HPV 2010 Conference
Montreal Canada
July 3-8, 2010
Aimee R. Kreimer1, Ana Cecilia Rodriguez2, Allan Hildesheim1, Rolando Herrero2, Carolina Porras2, Mark Schiffman1, Paula Gonzalez2, Diane Solomon1, Silvia Jimenez2, John Schiller1.
1National Cancer Institute, National Institutes of Health, Bethesda, MD, USA; 2Proyecto Epidemiológico Guanacaste, Fundación INCIENSA, San Jose, Costa Rica; 3DDL Diagnostic Laboratory, Voorburg, The Netherlands; 4Information Management Services, Inc., Rockville, MD, USA.
Background: Three-dose regimens for HPV vaccines are expensive to purchase and deliver, and often not feasible where the need is most crucial. Even in high resource regions, compliance is low.
To evaluate efficacy of two and one doses of a bivalent HPV 16/18 vaccine for the prevention of newly detected HPV16/18 one-year persistent infection.
Methods: 7,466 women (18-25 years) were randomized 1:1 to Cervarix or hepatitis A vaccine (control) and followed yearly (or semiannually if LSIL). VE was calculated after excluding women with zero post-enrolment visits or with both HPV16 and 18 DNA positivity at enrolment (155:160 HPV:Control). 383 women who received 1 dose (196:187), 801 who received 2 doses (422:379), and 5,976 who received 3 doses (2957:3010) comprised the analytic population. Median follow-up was three years, comparable by doses received and arm. Reasons for receiving <3 doses and other relevant pre- and post-randomization characteristics were balanced within dose by arm. One-year persistence was defined as two positive tests for the same HPV type in visits 10+ months apart in women negative at enrollment for that HPV type. Dose-stratified efficacies compared events in HPV to control arm; exact 95% confidence intervals were calculated.

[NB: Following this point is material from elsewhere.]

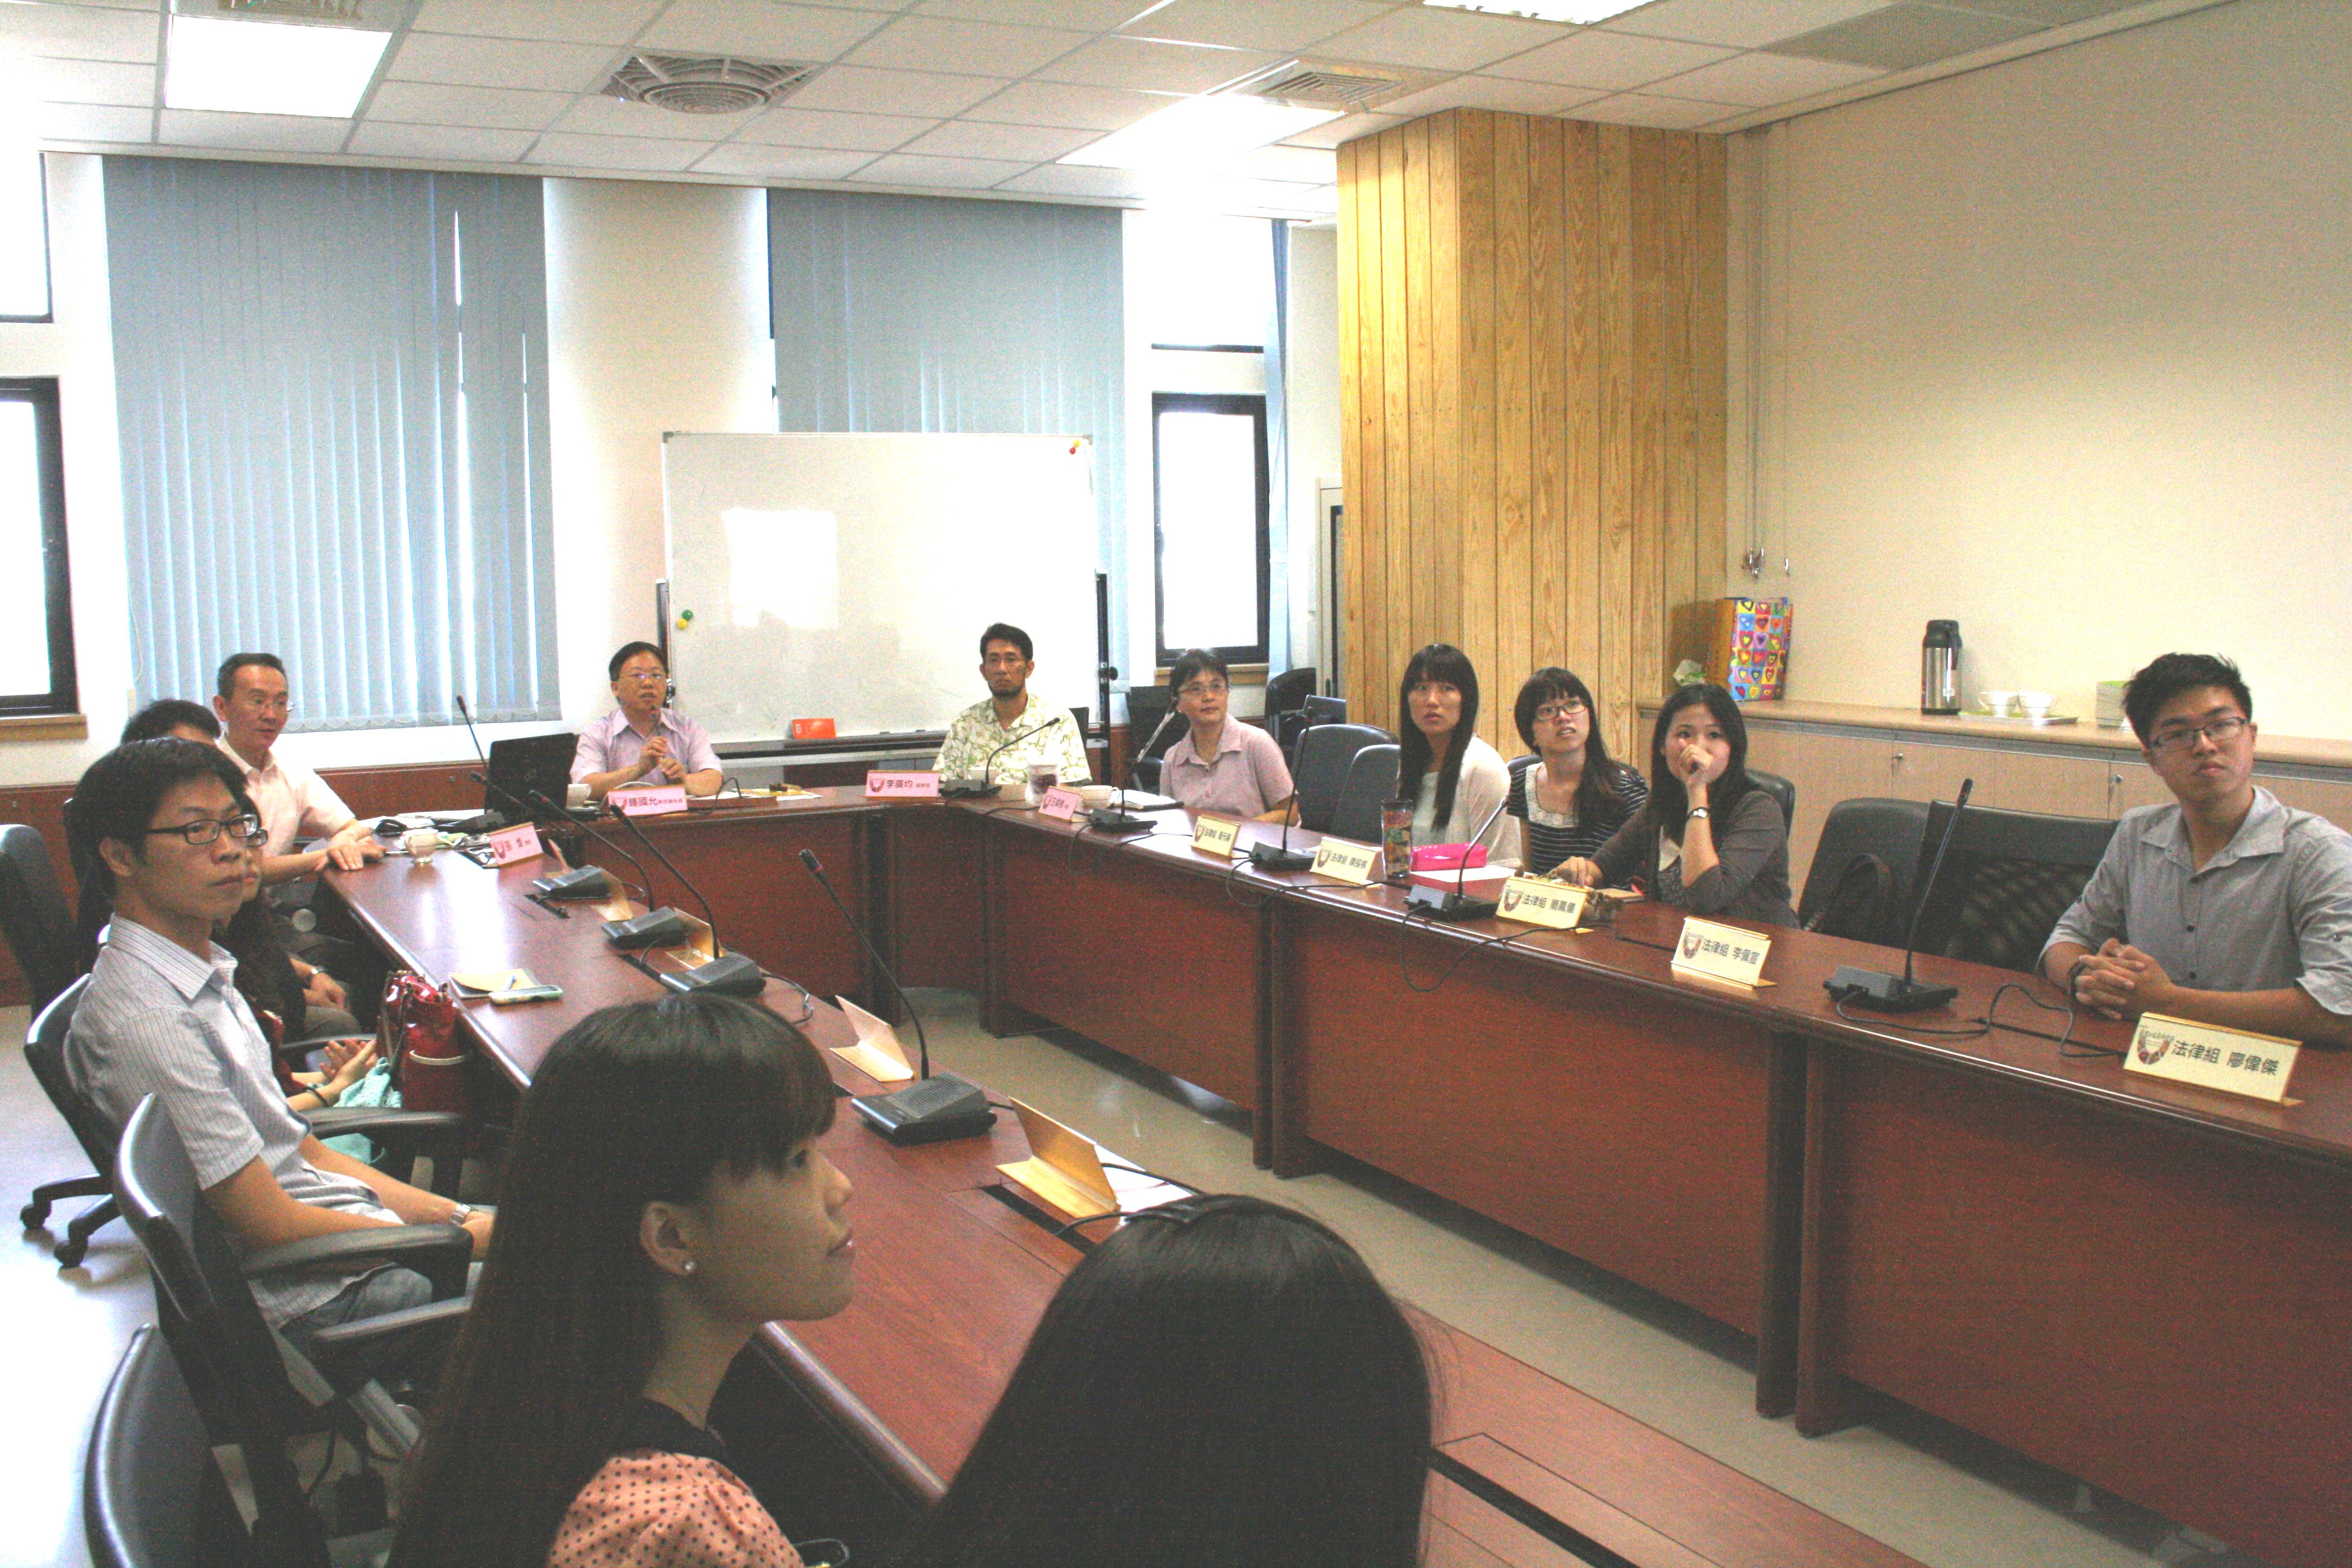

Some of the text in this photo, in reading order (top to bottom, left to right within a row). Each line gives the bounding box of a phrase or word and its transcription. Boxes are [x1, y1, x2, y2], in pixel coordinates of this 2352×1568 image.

Results: Attack rate of incident one-year persistent HPV16/18 infection in the control arm was 4.3% for 1 dose, 4.0% for 2 doses, and 3.8% for 3 doses. Vaccine efficacy for 1 dose was 100% (95%CI 57%-100%; n=8 total events), for 2 doses 82% (95%CI 43%-96%; n= 18 total events), and for 3 doses 78% (95%CI 67%-86%; n=137 total events). Results were similar for 6-month persistence.
Conclusion: Our data do not provide sufficient evidence to modify existing 3-dose schedules, but suggest that fewer than three doses may provide a high degree of protection against HPV-16/18 infection. Systematic evaluation of one- and two-dose schedules is justified.